Phrase grounding data:
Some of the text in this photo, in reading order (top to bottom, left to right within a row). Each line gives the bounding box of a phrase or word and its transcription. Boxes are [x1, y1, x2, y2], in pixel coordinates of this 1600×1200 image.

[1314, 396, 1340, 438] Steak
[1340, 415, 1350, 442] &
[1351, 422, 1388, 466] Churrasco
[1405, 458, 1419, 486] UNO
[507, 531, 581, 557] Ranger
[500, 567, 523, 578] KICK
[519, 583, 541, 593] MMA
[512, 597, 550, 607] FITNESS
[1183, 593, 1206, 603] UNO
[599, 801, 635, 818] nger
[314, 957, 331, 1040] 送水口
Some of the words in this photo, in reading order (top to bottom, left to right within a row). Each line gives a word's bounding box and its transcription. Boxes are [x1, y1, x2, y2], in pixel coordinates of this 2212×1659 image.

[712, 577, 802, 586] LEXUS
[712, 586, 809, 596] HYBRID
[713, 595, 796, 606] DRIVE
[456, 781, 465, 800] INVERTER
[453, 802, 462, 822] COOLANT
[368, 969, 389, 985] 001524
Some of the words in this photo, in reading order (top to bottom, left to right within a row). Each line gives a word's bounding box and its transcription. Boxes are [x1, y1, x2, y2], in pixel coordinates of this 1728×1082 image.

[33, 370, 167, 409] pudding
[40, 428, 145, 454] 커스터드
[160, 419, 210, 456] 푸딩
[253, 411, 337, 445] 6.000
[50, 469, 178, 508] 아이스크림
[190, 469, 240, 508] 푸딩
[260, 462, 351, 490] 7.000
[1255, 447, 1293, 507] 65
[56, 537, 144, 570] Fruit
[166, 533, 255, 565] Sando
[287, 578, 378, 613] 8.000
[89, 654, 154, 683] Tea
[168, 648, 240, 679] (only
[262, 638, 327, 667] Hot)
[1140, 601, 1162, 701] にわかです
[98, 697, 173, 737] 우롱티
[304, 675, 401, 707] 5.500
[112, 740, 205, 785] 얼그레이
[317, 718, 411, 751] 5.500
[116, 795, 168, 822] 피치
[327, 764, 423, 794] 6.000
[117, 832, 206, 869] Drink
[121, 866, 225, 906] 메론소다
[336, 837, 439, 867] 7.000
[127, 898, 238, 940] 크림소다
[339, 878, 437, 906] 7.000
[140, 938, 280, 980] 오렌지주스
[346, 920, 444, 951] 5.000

▸ **Assignment**
Write out the lines of the records exactly, starting at the one holding "this 1728×1082 image." and ending with the last line, and include no others.

▸ **Task answer**
Some of the words in this photo, in reading order (top to bottom, left to right within a row). Each line gives a word's bounding box and its transcription. Boxes are [x1, y1, x2, y2], in pixel coordinates of this 1728×1082 image.

[33, 370, 167, 409] pudding
[40, 428, 145, 454] 커스터드
[160, 419, 210, 456] 푸딩
[253, 411, 337, 445] 6.000
[50, 469, 178, 508] 아이스크림
[190, 469, 240, 508] 푸딩
[260, 462, 351, 490] 7.000
[1255, 447, 1293, 507] 65
[56, 537, 144, 570] Fruit
[166, 533, 255, 565] Sando
[287, 578, 378, 613] 8.000
[89, 654, 154, 683] Tea
[168, 648, 240, 679] (only
[262, 638, 327, 667] Hot)
[1140, 601, 1162, 701] にわかです
[98, 697, 173, 737] 우롱티
[304, 675, 401, 707] 5.500
[112, 740, 205, 785] 얼그레이
[317, 718, 411, 751] 5.500
[116, 795, 168, 822] 피치
[327, 764, 423, 794] 6.000
[117, 832, 206, 869] Drink
[121, 866, 225, 906] 메론소다
[336, 837, 439, 867] 7.000
[127, 898, 238, 940] 크림소다
[339, 878, 437, 906] 7.000
[140, 938, 280, 980] 오렌지주스
[346, 920, 444, 951] 5.000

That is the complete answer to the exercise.